Reprint all records below exactly. No images.
**** SOURCE RECORDS
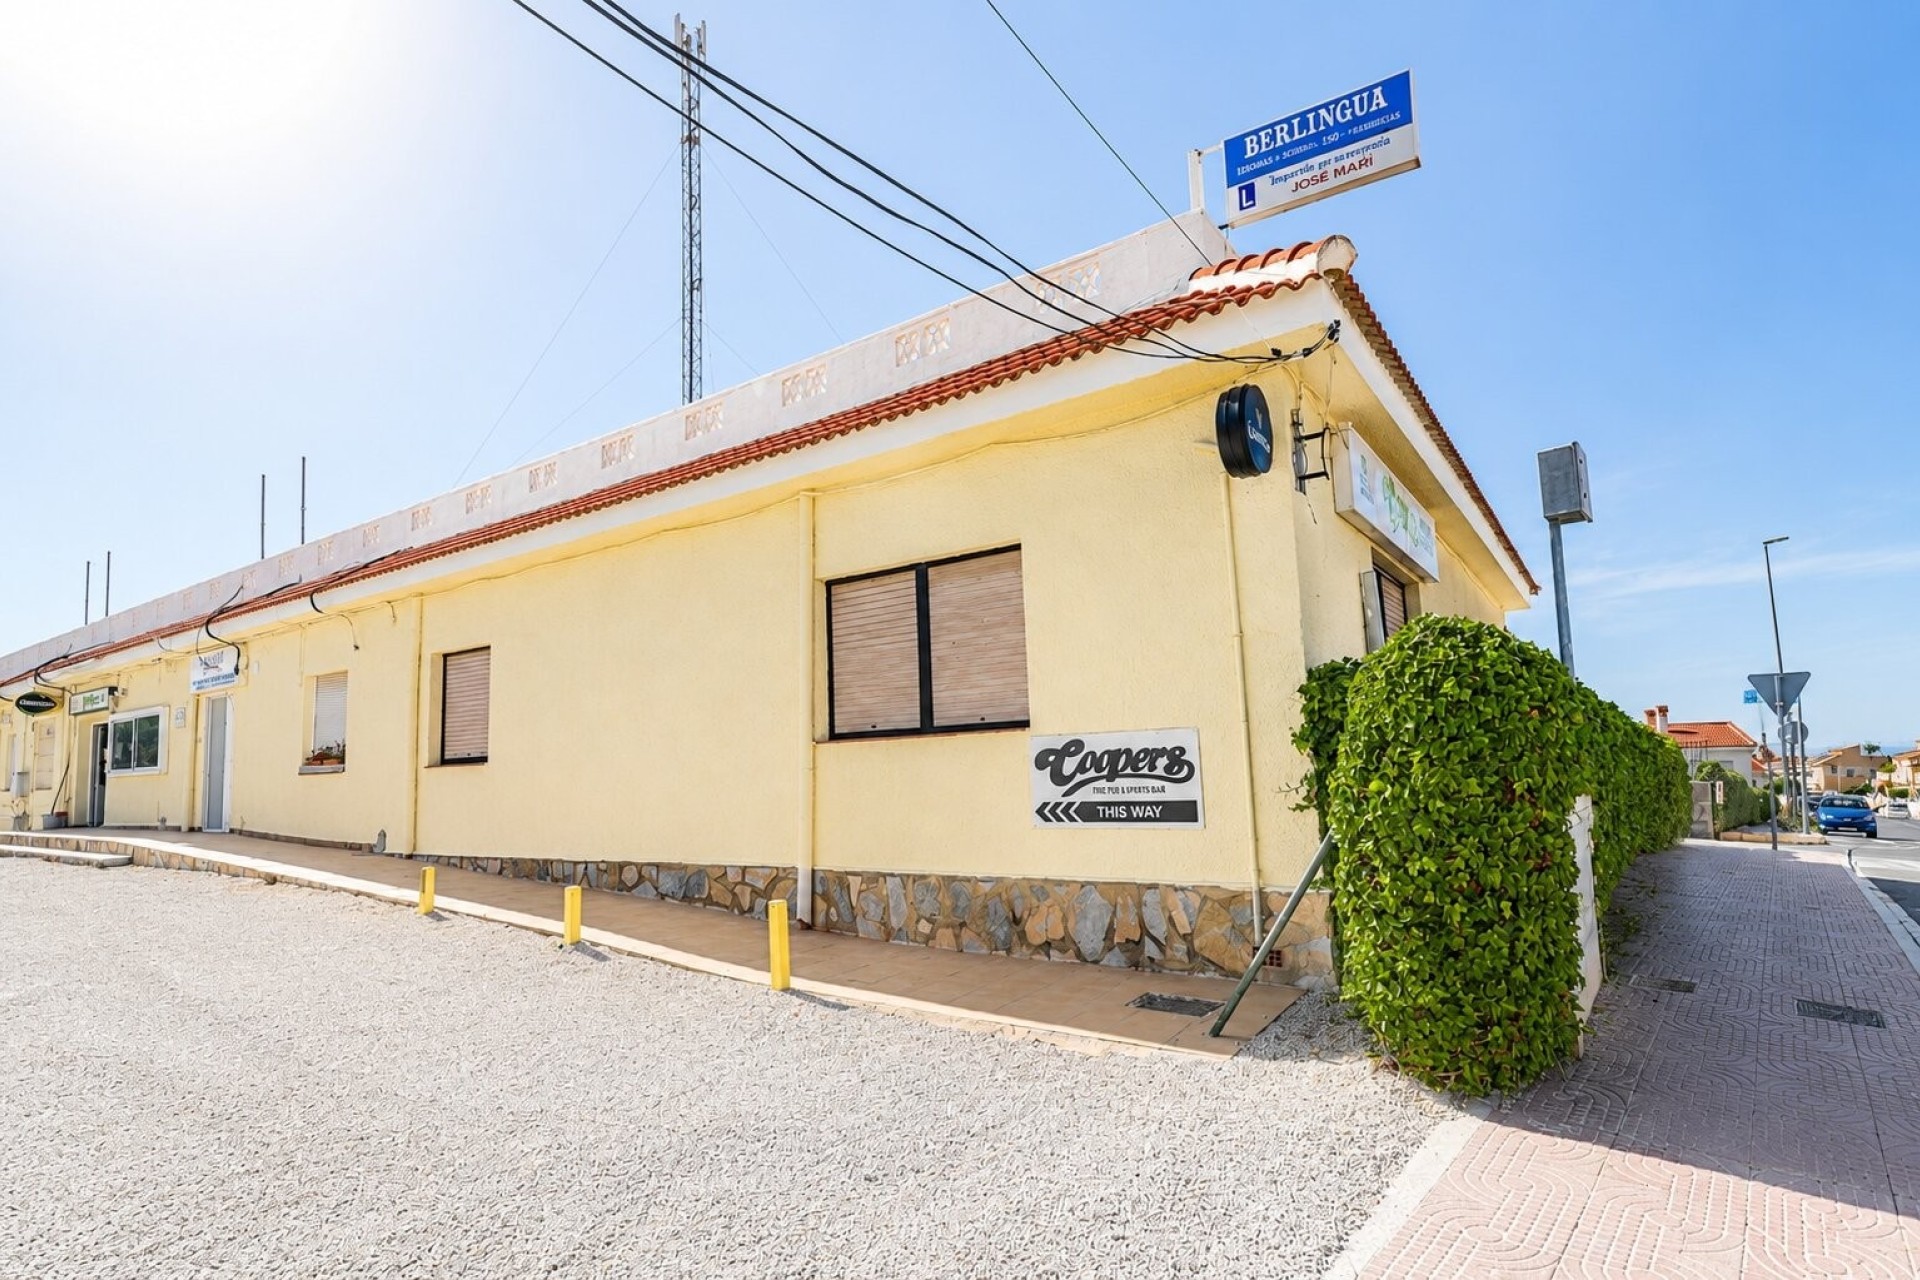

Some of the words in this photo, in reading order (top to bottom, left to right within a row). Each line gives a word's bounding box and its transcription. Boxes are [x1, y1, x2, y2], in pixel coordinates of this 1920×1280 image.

[1244, 85, 1389, 159] BERLINGUA
[1242, 189, 1254, 207] L
[1034, 738, 1195, 798] Coopers
[1096, 805, 1127, 818] THIS
[1130, 804, 1163, 818] WAY
********
» **TASK RESULT**
Some of the words in this photo, in reading order (top to bottom, left to right within a row). Each line gives a word's bounding box and its transcription. Boxes are [x1, y1, x2, y2], in pixel coordinates of this 1920×1280 image.

[1244, 85, 1389, 159] BERLINGUA
[1242, 189, 1254, 207] L
[1034, 738, 1195, 798] Coopers
[1096, 805, 1127, 818] THIS
[1130, 804, 1163, 818] WAY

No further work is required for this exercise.